### Problem statement
In the copy, keep every record exact and leave out all images.
---------- Exercise input
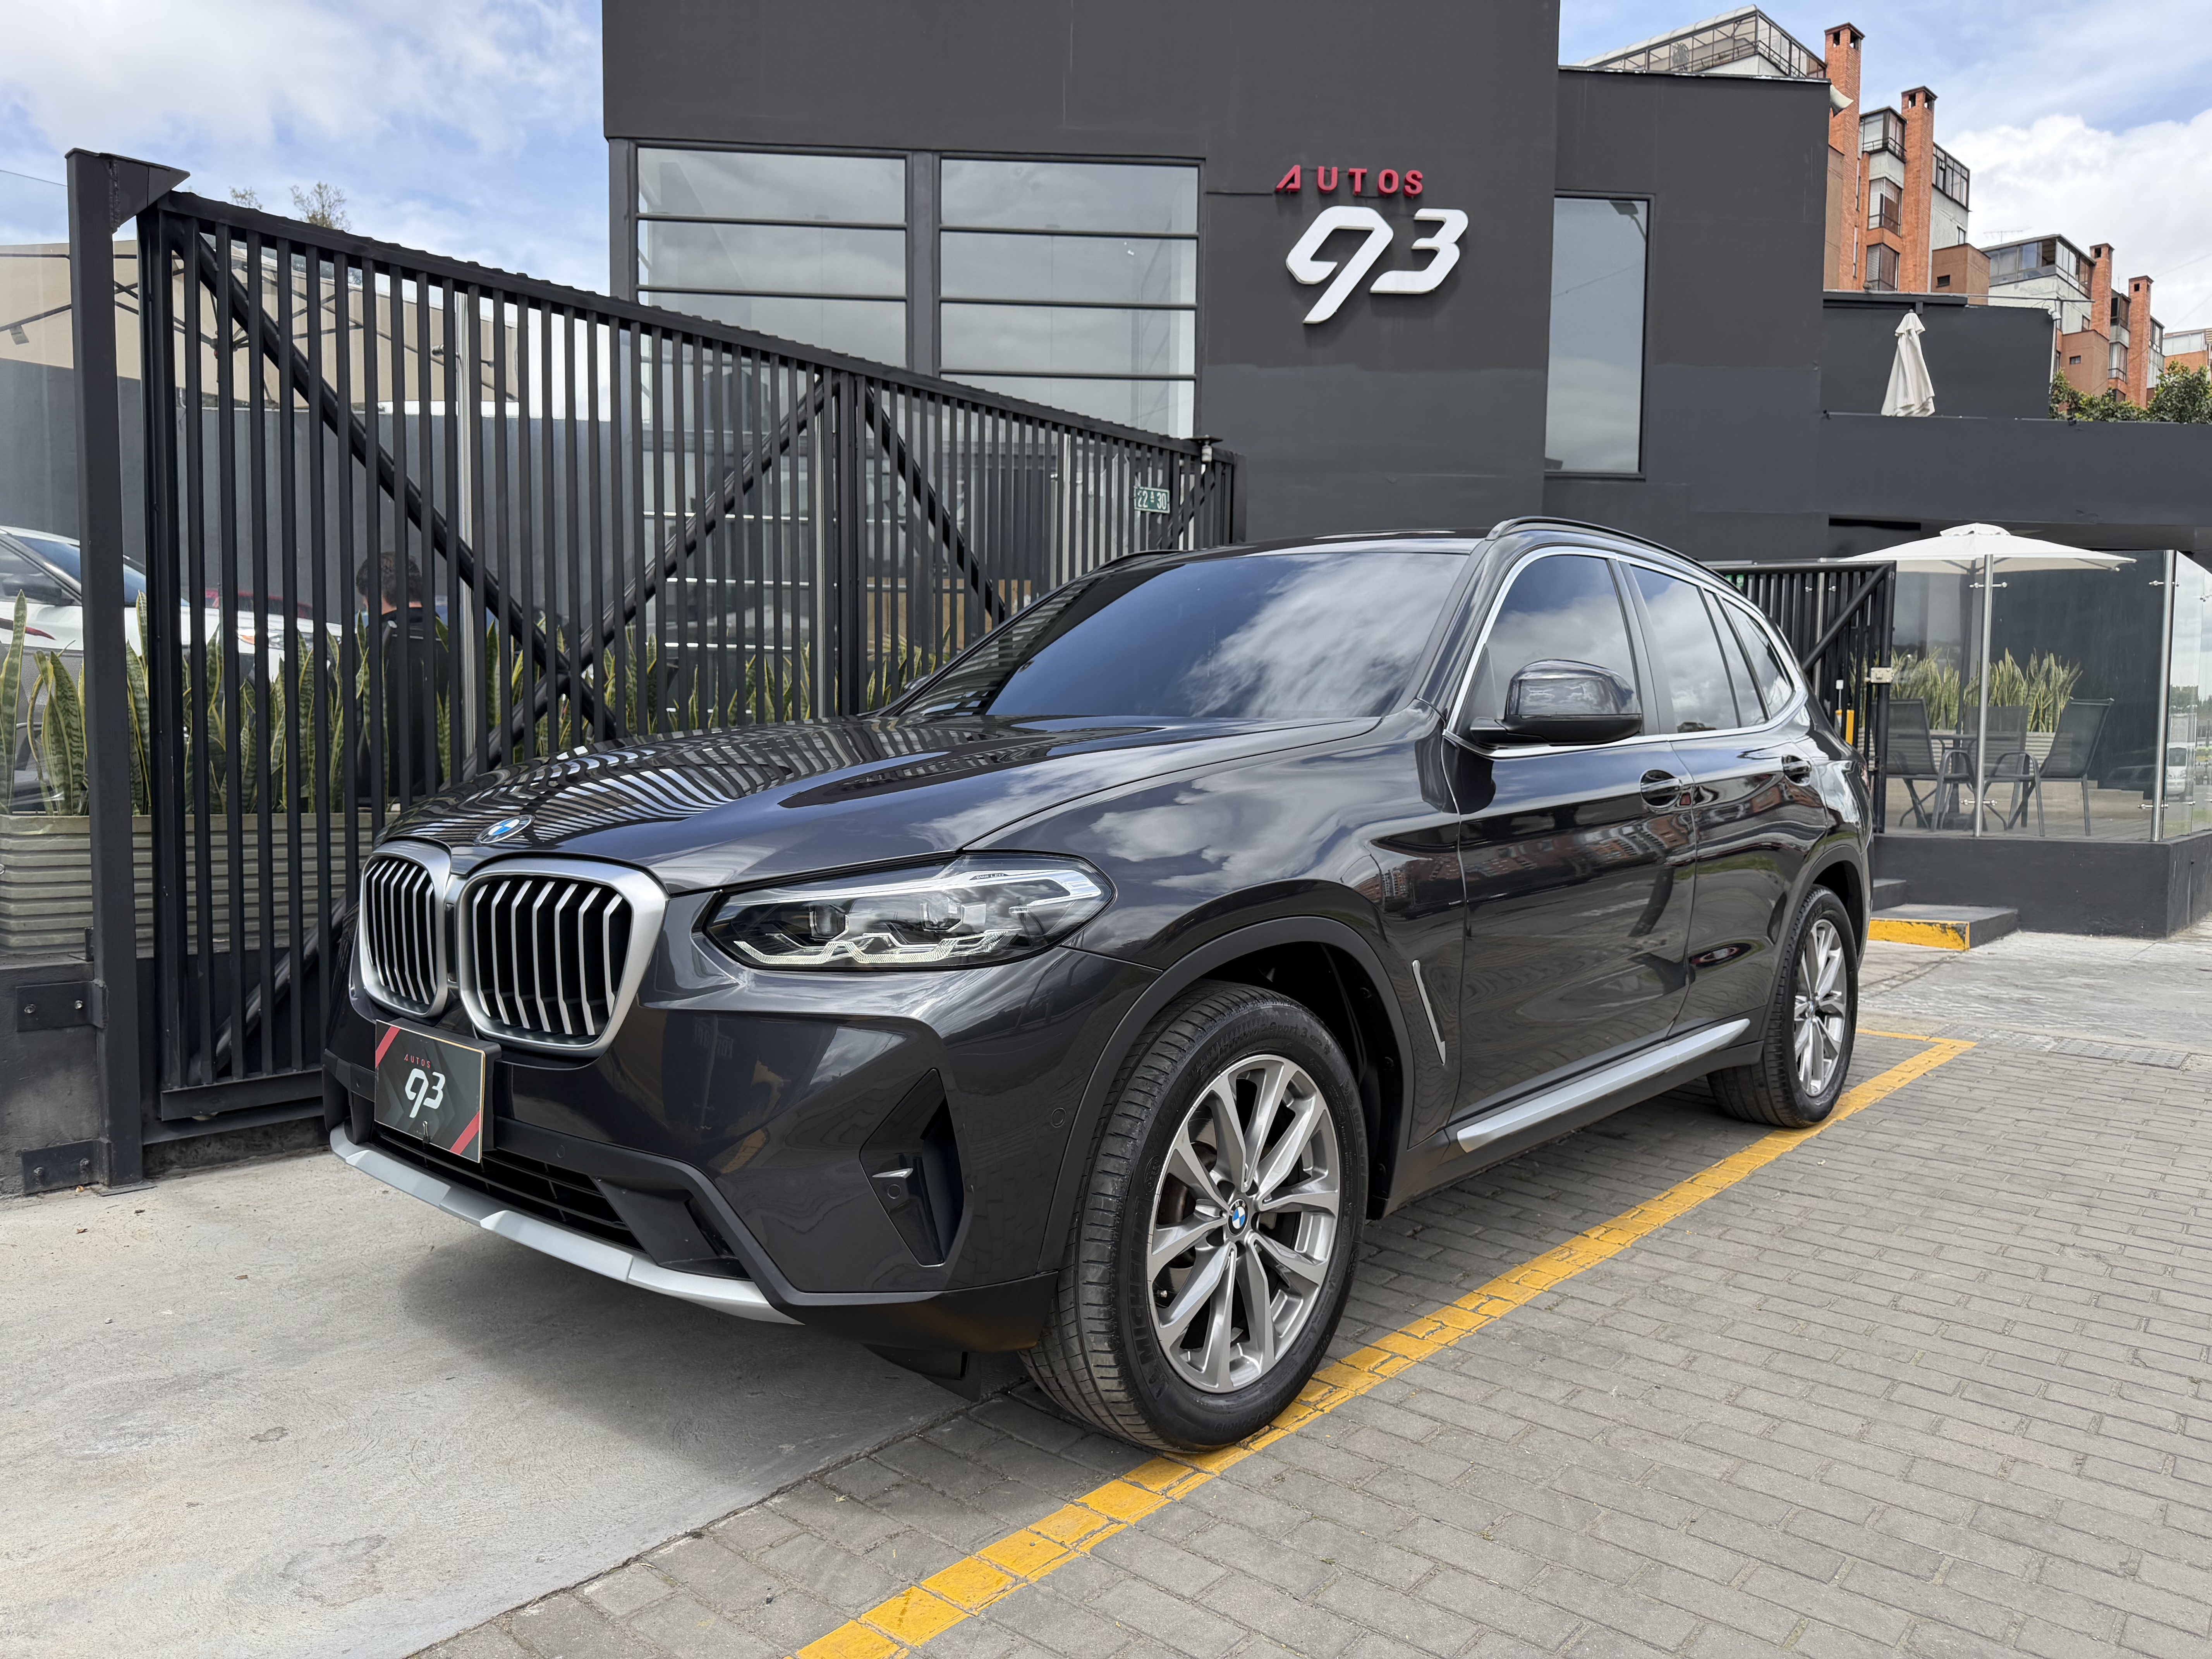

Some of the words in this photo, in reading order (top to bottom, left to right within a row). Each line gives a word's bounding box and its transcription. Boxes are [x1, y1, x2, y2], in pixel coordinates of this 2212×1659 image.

[1275, 165, 1423, 198] AUTOS
[1286, 205, 1468, 324] 93
[404, 1054, 431, 1069] AUTOS
[405, 1068, 445, 1118] 93
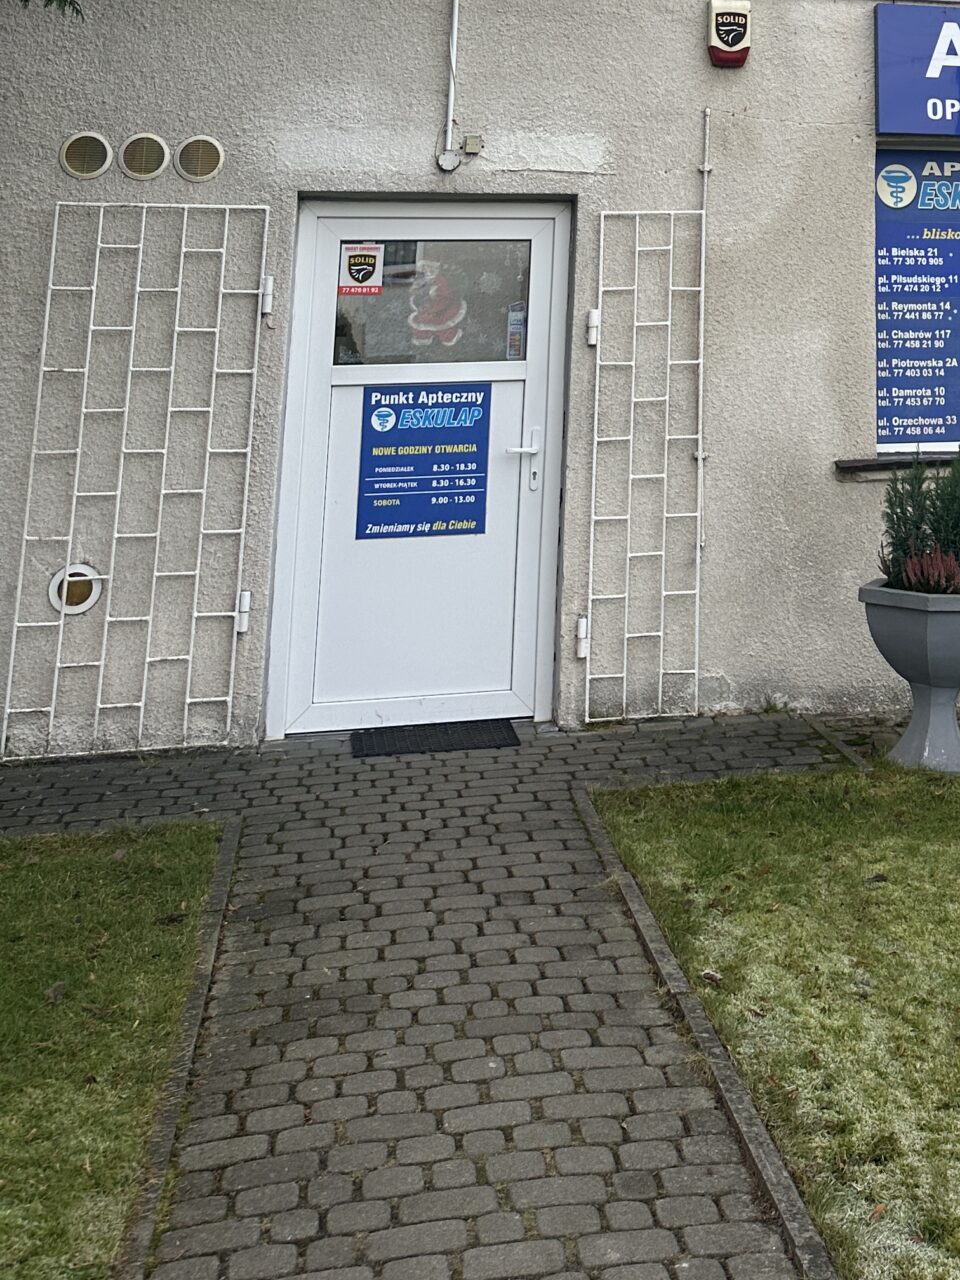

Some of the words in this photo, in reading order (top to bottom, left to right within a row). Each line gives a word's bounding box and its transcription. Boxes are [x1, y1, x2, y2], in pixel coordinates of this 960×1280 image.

[717, 15, 746, 24] SOLID
[892, 248, 924, 256] Bielska
[928, 248, 937, 256] 21
[878, 275, 888, 285] pl.
[891, 275, 947, 286] Piłsudskiego
[949, 275, 957, 283] 11
[878, 284, 890, 292] tel.
[878, 302, 888, 310] ul.
[892, 302, 938, 313] Reymonta
[940, 302, 950, 310] 14
[904, 311, 919, 319] 441
[878, 330, 889, 338] ul.
[892, 330, 932, 338] Chabrów
[935, 330, 951, 338] 117
[893, 340, 903, 348] 77
[905, 340, 920, 348] 458
[878, 359, 889, 367] ul.
[892, 359, 943, 367] Piotrowska
[946, 358, 958, 366] 2A
[878, 388, 889, 396] ul.
[892, 388, 931, 396] Damrota
[934, 387, 945, 395] 10
[371, 392, 414, 405] Punkt
[418, 391, 484, 406] Apteczny
[894, 398, 903, 406] 77
[935, 397, 945, 405] 70
[398, 407, 483, 429] ESKULAP
[878, 417, 889, 426] ul.
[892, 417, 943, 425] Orzechowa
[946, 416, 957, 424] 33
[878, 428, 891, 436] tel.
[894, 427, 904, 435] 77
[372, 447, 397, 456] NOWE
[398, 445, 433, 455] GODZINY
[435, 444, 477, 454] OTWARCIA
[456, 463, 477, 471] 18.30
[455, 478, 476, 486] 16.30
[373, 499, 400, 507] SOBOTA
[454, 495, 475, 503] 13.00
[365, 523, 415, 534] Zmieniamy
[417, 522, 430, 533] się
[433, 521, 446, 530] dla
[449, 519, 476, 529] Ciebie
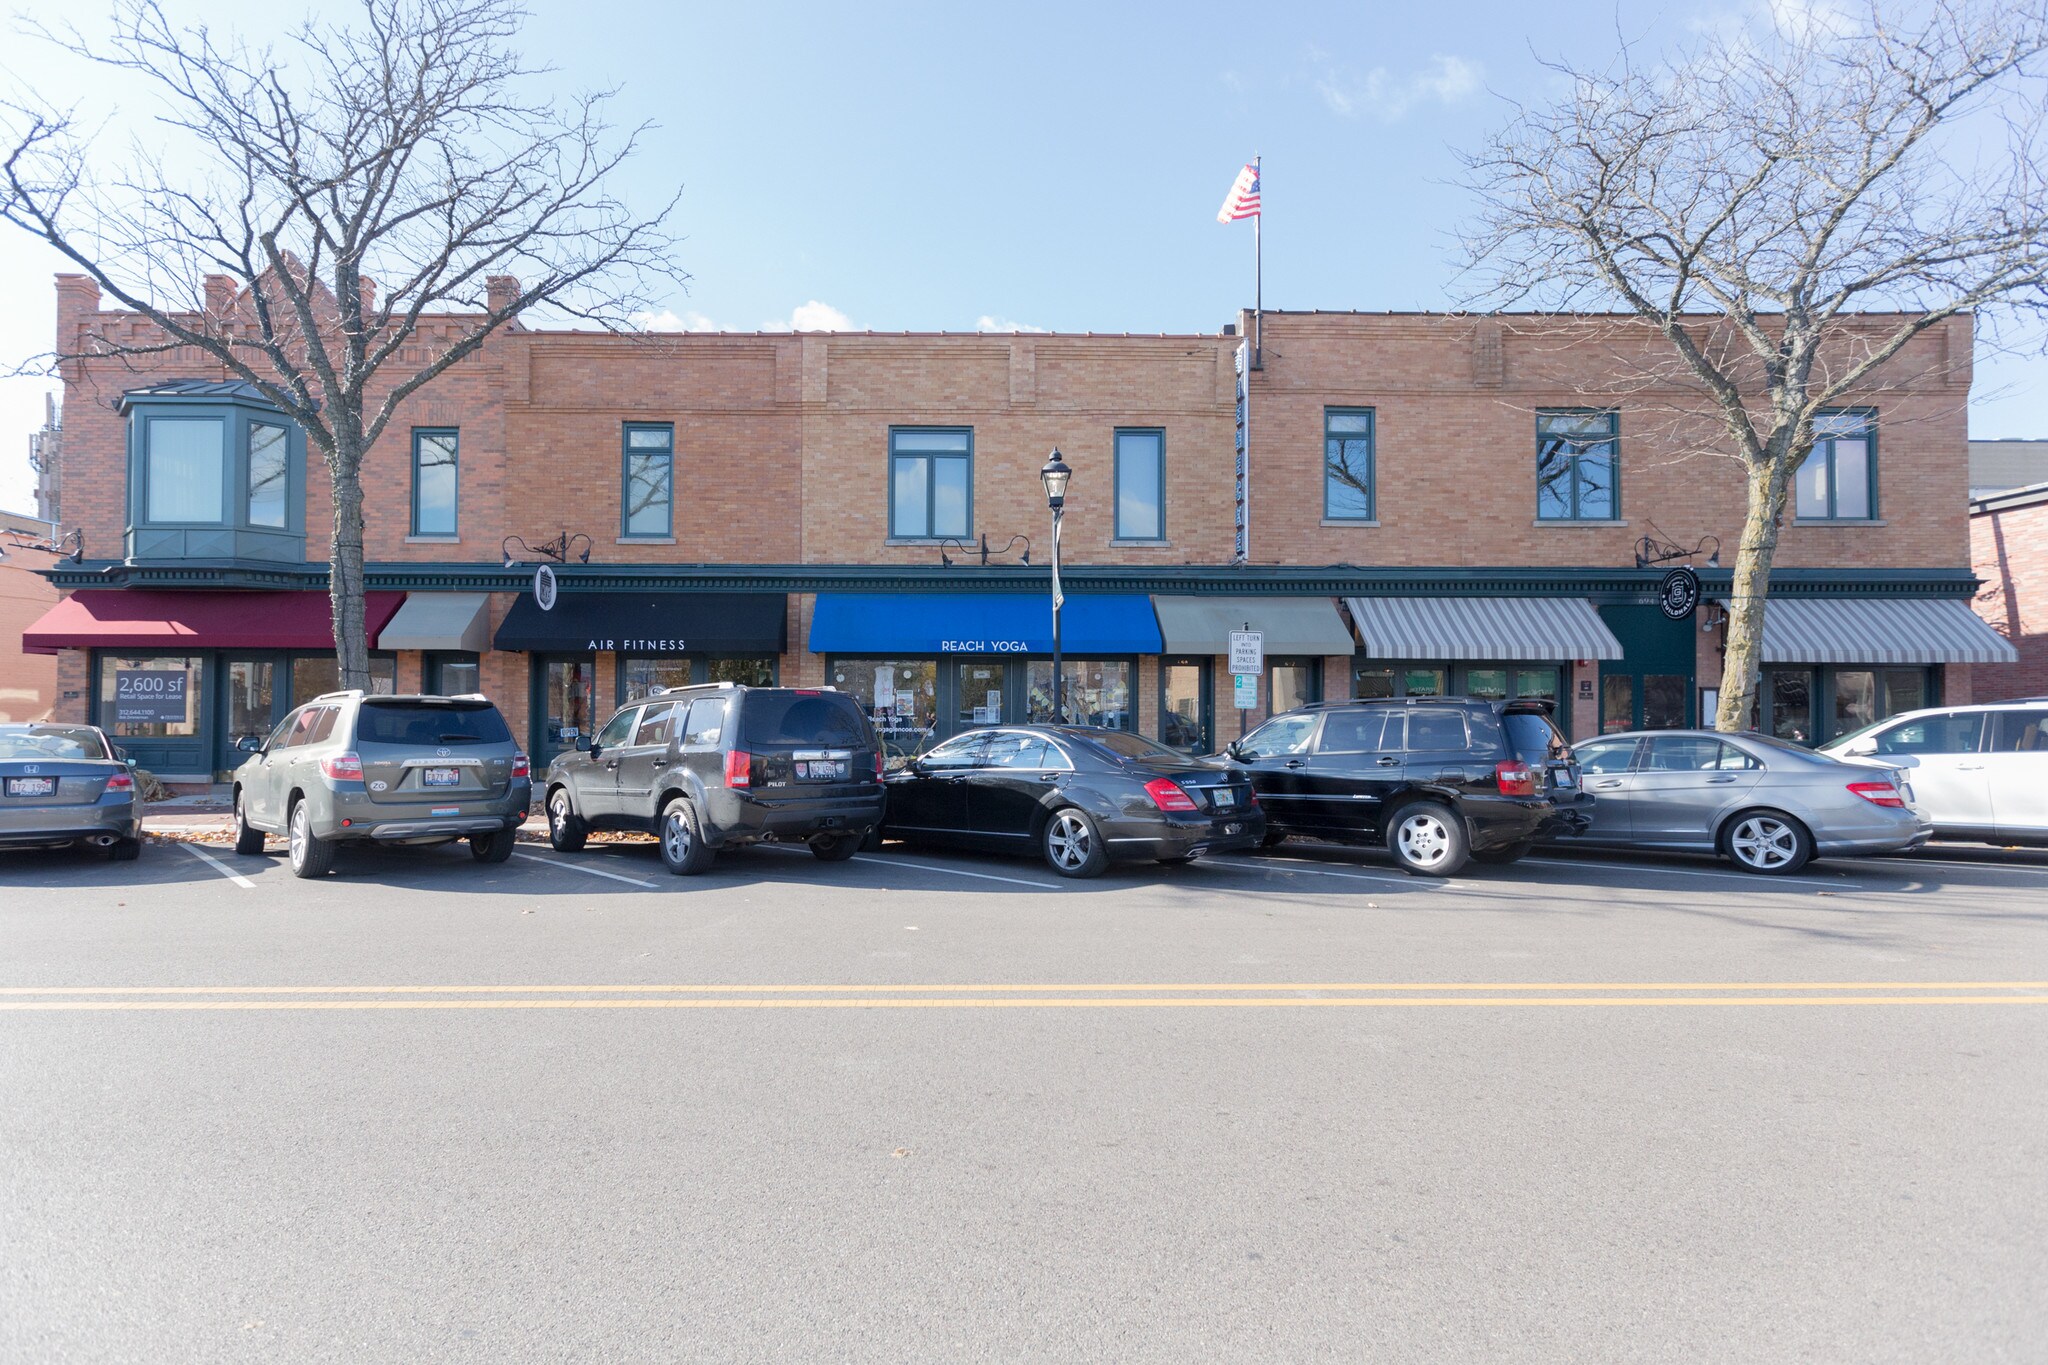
--------------------
### Solution to the problem
Some of the words in this photo, in reading order (top to bottom, left to right within a row). Each line gives a word's bounding box and its transcription. Boxes are [x1, y1, x2, y2], in pixel coordinates of this 2212×1659 image.

[1275, 165, 1423, 198] AUTOS
[1286, 205, 1468, 324] 93
[404, 1054, 431, 1069] AUTOS
[405, 1068, 445, 1118] 93

Some of the words in this photo, in reading order (top to bottom, left to right within a row). Each line gives a word's bounding box and its transcription. Boxes are [x1, y1, x2, y2], in pixel coordinates of this 960×1280 image.

[717, 15, 746, 24] SOLID
[892, 248, 924, 256] Bielska
[928, 248, 937, 256] 21
[878, 275, 888, 285] pl.
[891, 275, 947, 286] Piłsudskiego
[949, 275, 957, 283] 11
[878, 284, 890, 292] tel.
[878, 302, 888, 310] ul.
[892, 302, 938, 313] Reymonta
[940, 302, 950, 310] 14
[904, 311, 919, 319] 441
[878, 330, 889, 338] ul.
[892, 330, 932, 338] Chabrów
[935, 330, 951, 338] 117
[893, 340, 903, 348] 77
[905, 340, 920, 348] 458
[878, 359, 889, 367] ul.
[892, 359, 943, 367] Piotrowska
[946, 358, 958, 366] 2A
[878, 388, 889, 396] ul.
[892, 388, 931, 396] Damrota
[934, 387, 945, 395] 10
[371, 392, 414, 405] Punkt
[418, 391, 484, 406] Apteczny
[894, 398, 903, 406] 77
[935, 397, 945, 405] 70
[398, 407, 483, 429] ESKULAP
[878, 417, 889, 426] ul.
[892, 417, 943, 425] Orzechowa
[946, 416, 957, 424] 33
[878, 428, 891, 436] tel.
[894, 427, 904, 435] 77
[372, 447, 397, 456] NOWE
[398, 445, 433, 455] GODZINY
[435, 444, 477, 454] OTWARCIA
[456, 463, 477, 471] 18.30
[455, 478, 476, 486] 16.30
[373, 499, 400, 507] SOBOTA
[454, 495, 475, 503] 13.00
[365, 523, 415, 534] Zmieniamy
[417, 522, 430, 533] się
[433, 521, 446, 530] dla
[449, 519, 476, 529] Ciebie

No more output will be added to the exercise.